Preparation, Physico-Chemical Characterization and Pharmacodynamics of Ceftriaxone Loaded BSA Nanoparticles

The aim of the present study was to develop and characterize ceftriaxone loaded BSA nanoparticles. The nanoparticles were prepared by desolvation method. Scanning electron microscopy (SEM), transmission electron microscopy (TEM) and fourier transform infrared (FT-IR) characterization of the synthesized nanoparticles was done. SEM and TEM revealed that the nanoparticles had a smooth and spherical surface and FT-IR revealed that there was no interaction between the drug and the polymer.
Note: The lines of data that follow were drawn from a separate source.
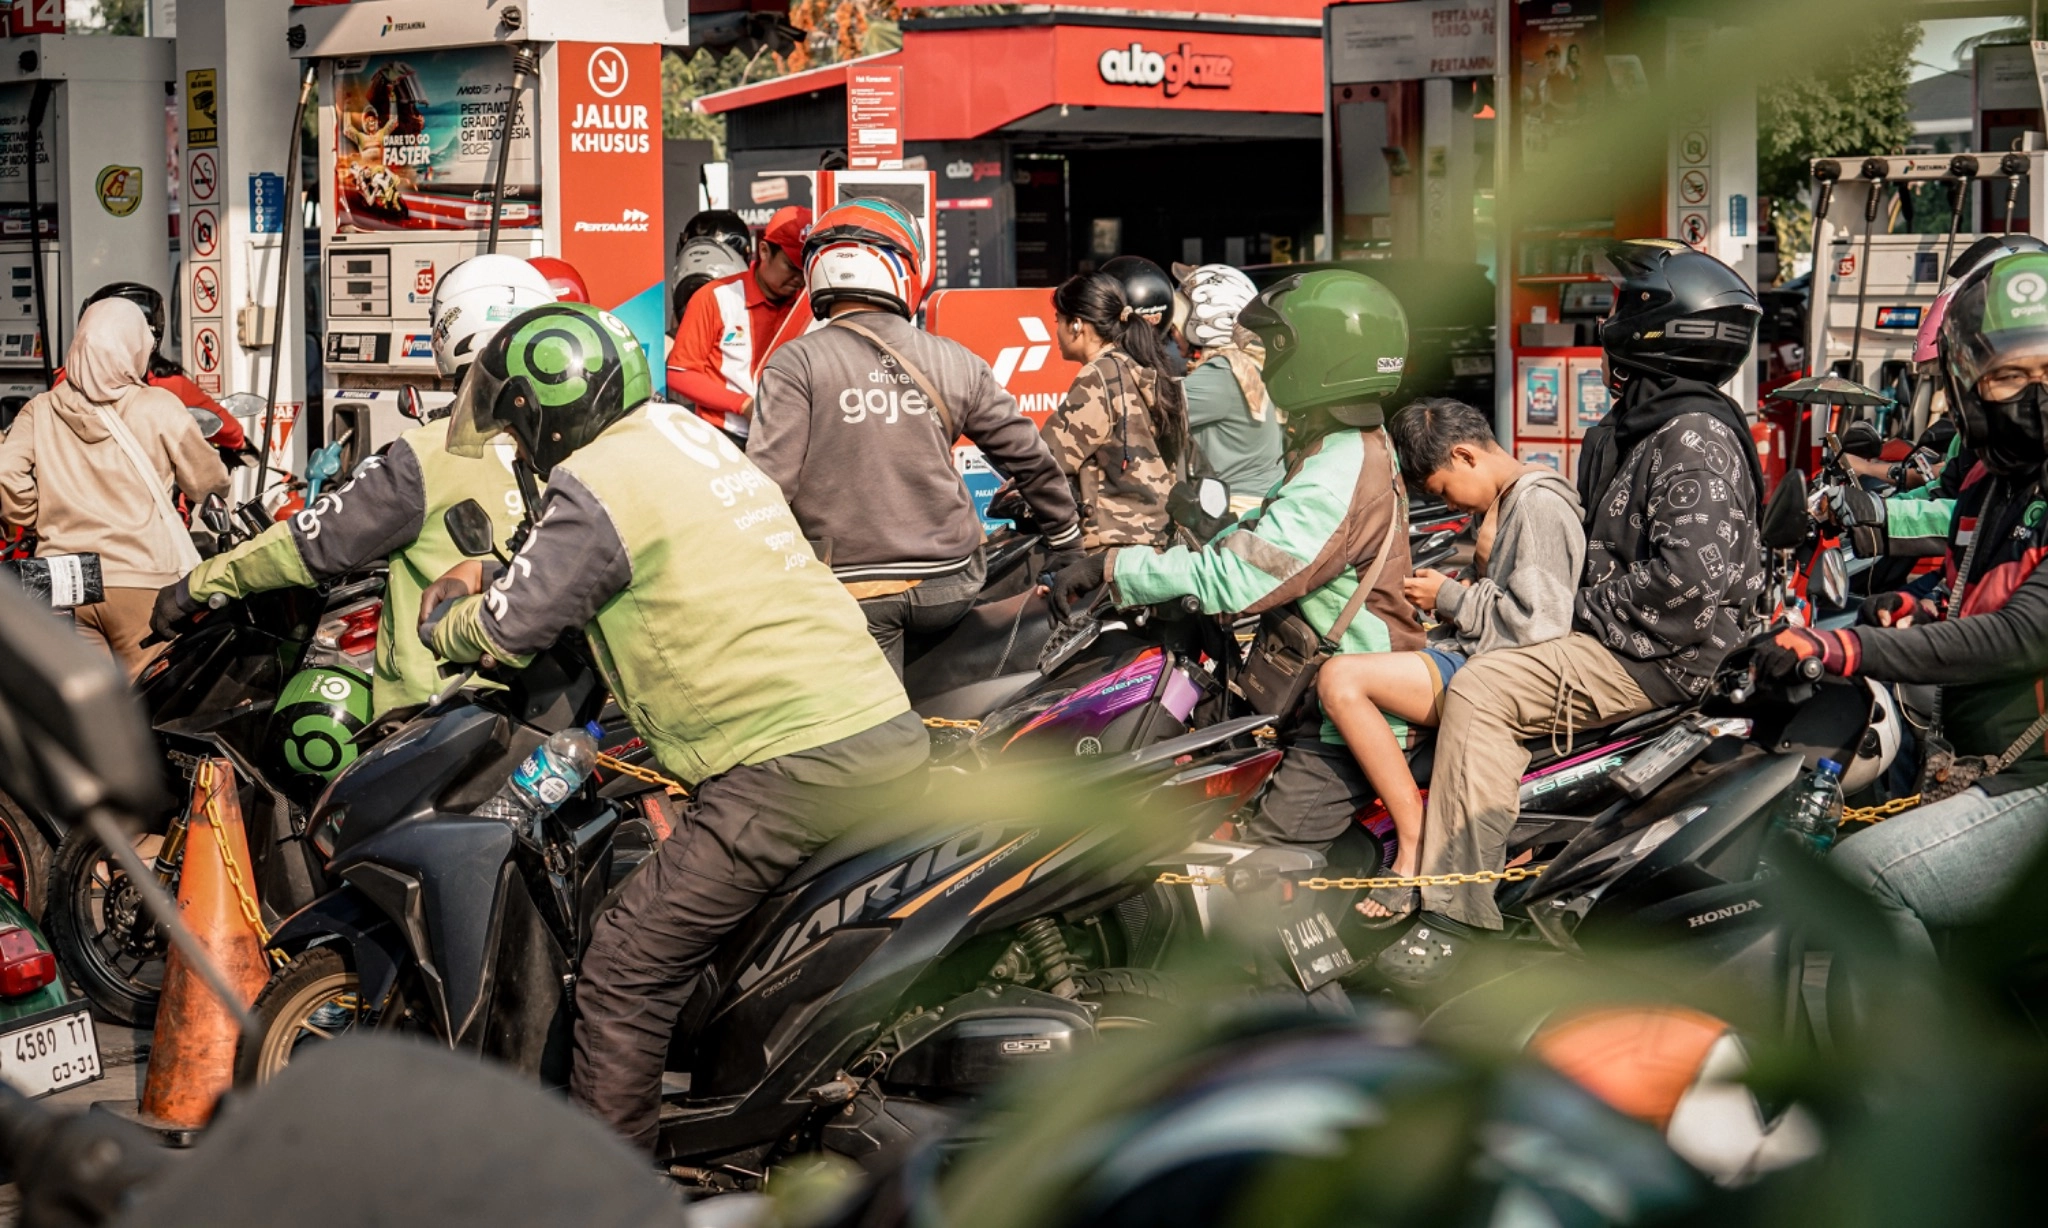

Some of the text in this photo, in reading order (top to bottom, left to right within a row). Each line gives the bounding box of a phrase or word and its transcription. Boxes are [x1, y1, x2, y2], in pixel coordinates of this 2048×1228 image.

[14, 0, 65, 27] 14
[395, 22, 426, 32] PERTAMINA
[1433, 23, 1471, 38] TURBO
[1098, 43, 1233, 97] autoglaze
[461, 101, 523, 115] PERTAMIA
[571, 104, 649, 129] JALUR
[461, 114, 525, 128] GRAND PIX
[383, 133, 430, 146] DARE TO GO
[461, 127, 531, 141] OF INDOESIA
[571, 133, 649, 153] KHUSUS
[382, 146, 430, 166] FASTER
[462, 143, 490, 155] 2025
[10, 154, 50, 165] INDOESIA
[574, 221, 649, 232] PERTAMAX
[1102, 674, 1154, 695] GEAR
[1532, 755, 1624, 796] GEAR
[945, 828, 1040, 897] LIQUID COOLED
[738, 827, 1005, 991] VARIO
[1688, 899, 1763, 928] HONDA
[1282, 928, 1299, 956] B
[67, 1017, 87, 1045] TT
Encapsulation efficacy of nanoparticles was 44.8%. The mean particle size of BSA obtained was 149.46 ± 1.05 nm, PDI was 0.09 and the zeta potential was -28 mV. In vitro drug release at pH 7.4 was found to be 85.8% at 12 h time period. Various mathematical models were used and the values nearest to R2 were evaluated. Model fitting revealed that it followed the Higuchi and Korsmeyer Peppas Model. The values of R were higher for Higuchi and Korsmeyers peppas model. Pharmacodynamic studies were done, for S. aureus the results of MIC and MBC of Drug were 2.51 μg and 3 μg. The results of MIC and MBC of sample were 1.51 μg and 2.1 μg and for E. coli the results of MIC and MBC of Drug were 0.05 μg and 0.08 μg. The results of MIC and MBC of sample were 0.05 μg and 0.05 μg.